Records for this task:

* * *

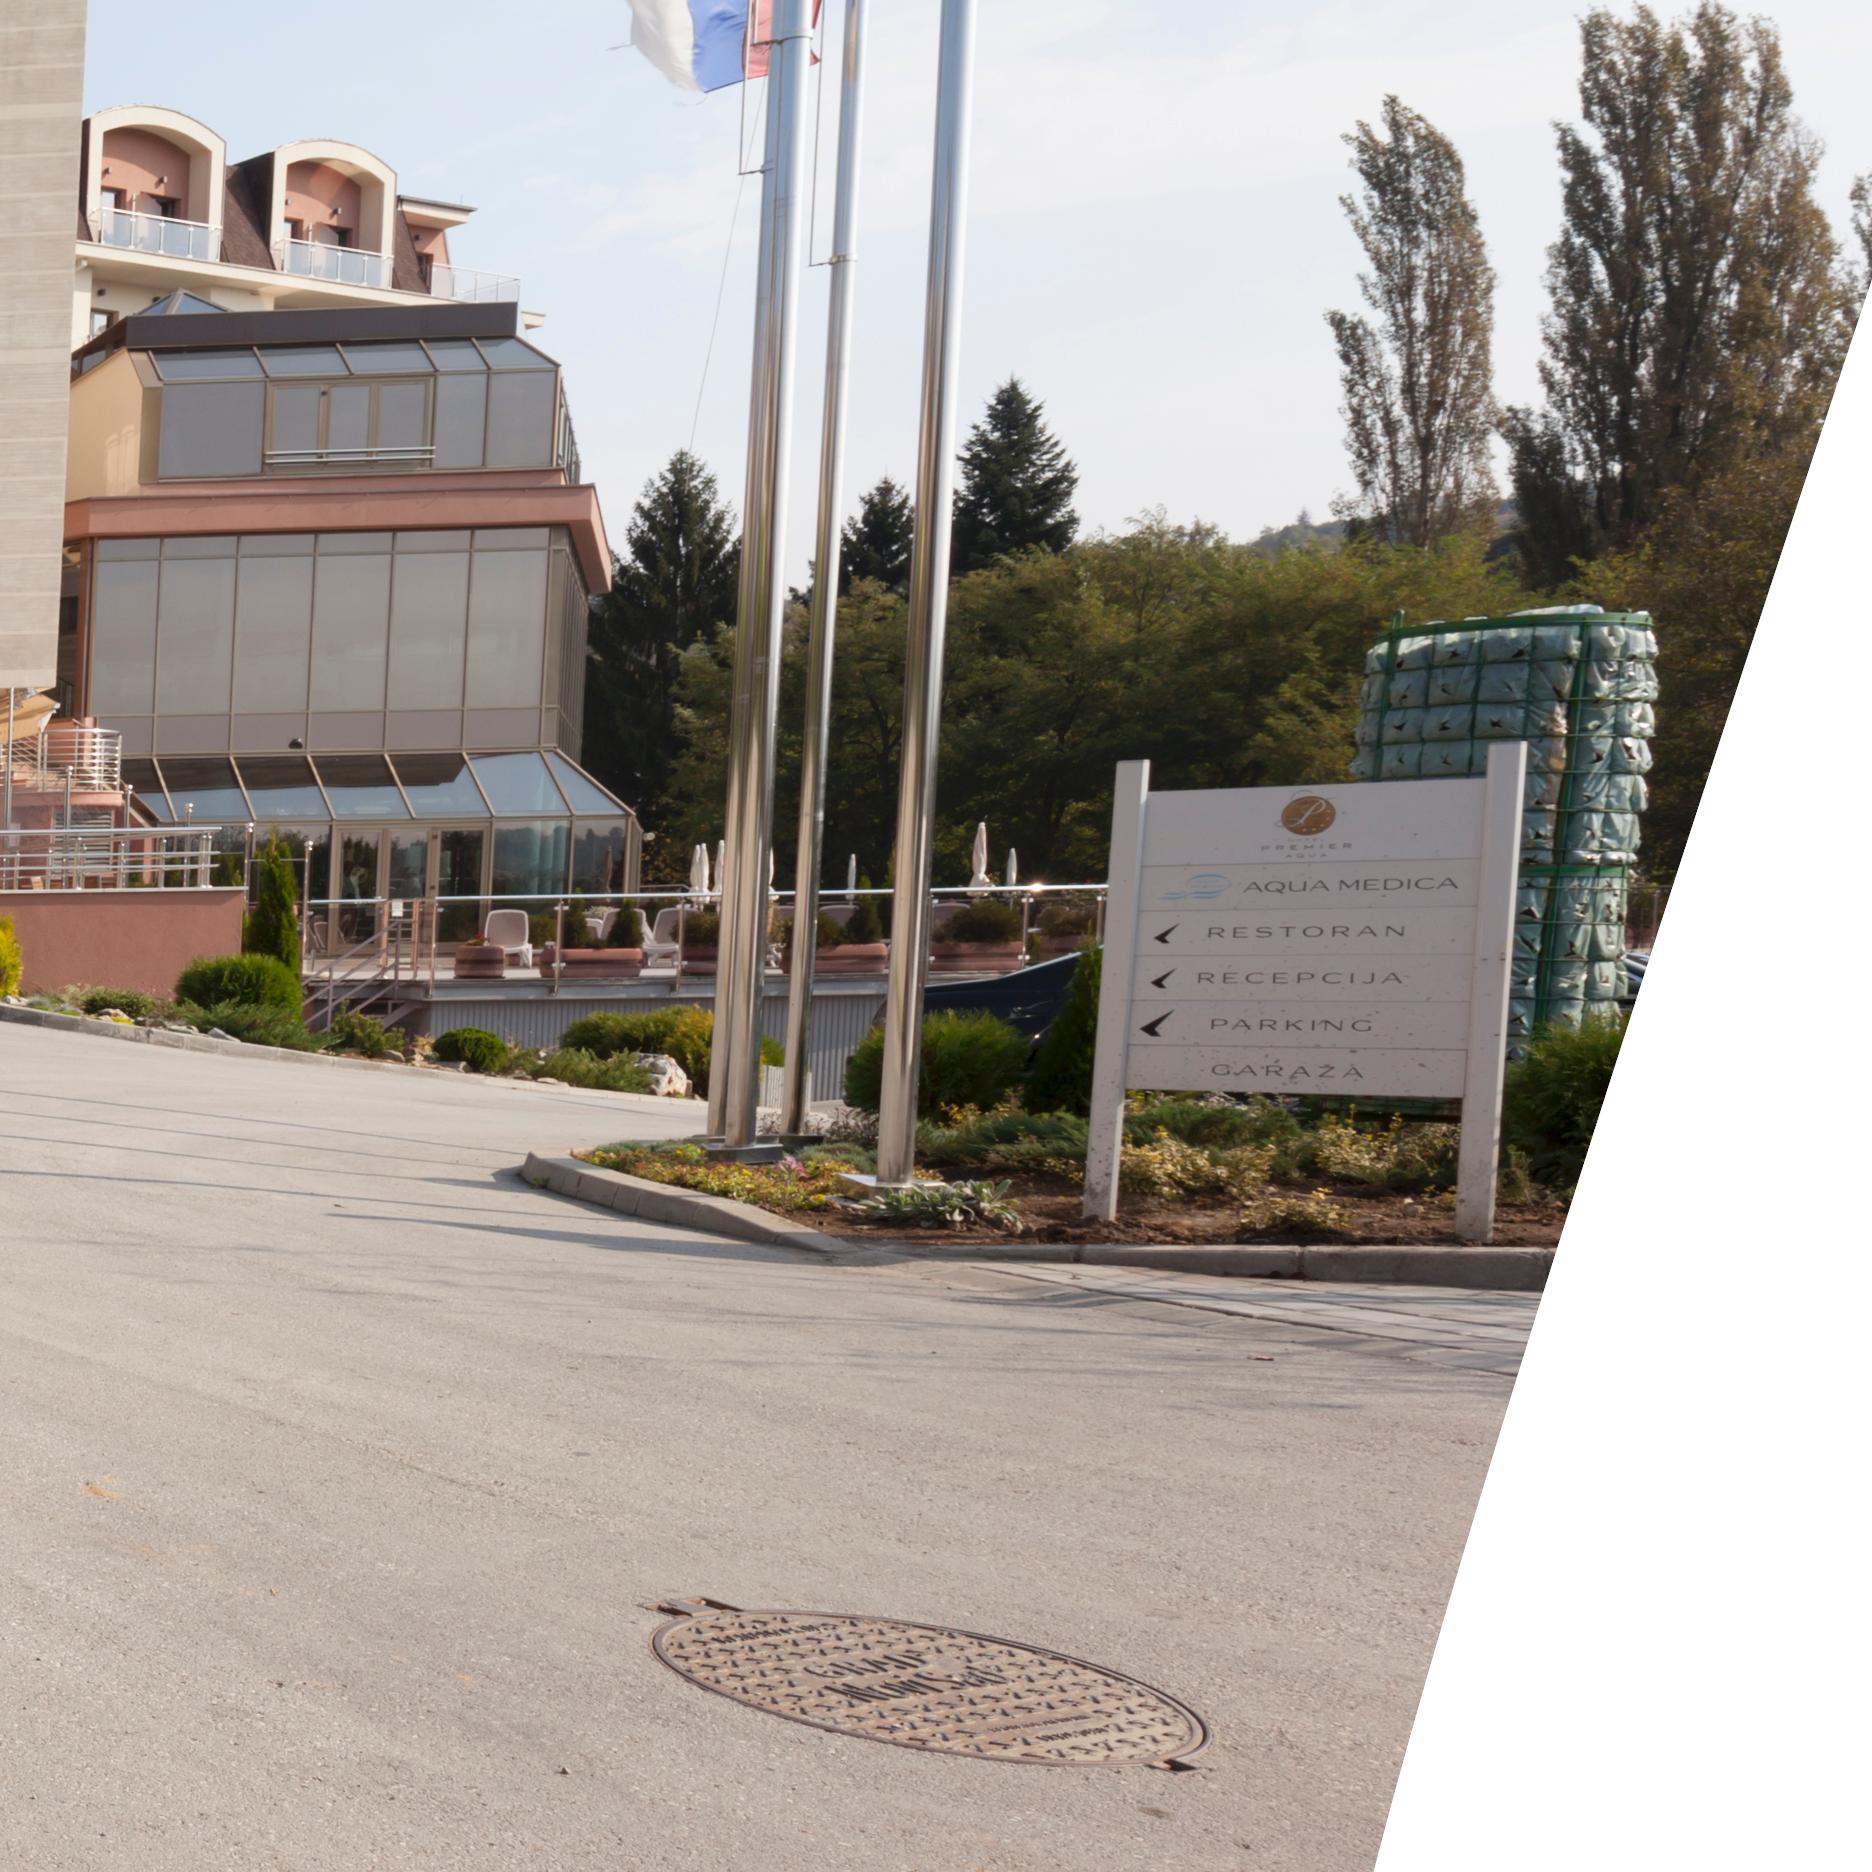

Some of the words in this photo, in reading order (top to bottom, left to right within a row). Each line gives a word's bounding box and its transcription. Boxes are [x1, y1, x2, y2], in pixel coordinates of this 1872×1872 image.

[1260, 842, 1353, 851] PREMIER
[1243, 880, 1330, 894] AQUA
[1338, 877, 1459, 891] MEDICA
[1206, 925, 1406, 939] RESTORAN
[1196, 971, 1404, 985] RECEPCIJA
[1209, 1017, 1373, 1033] PARKING

* * *

Work to complete:
The response must restate each line of the material above exactly and contain no images.

Answer to this task:
Some of the words in this photo, in reading order (top to bottom, left to right within a row). Each line gives a word's bounding box and its transcription. Boxes are [x1, y1, x2, y2], in pixel coordinates of this 1872×1872 image.

[1260, 842, 1353, 851] PREMIER
[1243, 880, 1330, 894] AQUA
[1338, 877, 1459, 891] MEDICA
[1206, 925, 1406, 939] RESTORAN
[1196, 971, 1404, 985] RECEPCIJA
[1209, 1017, 1373, 1033] PARKING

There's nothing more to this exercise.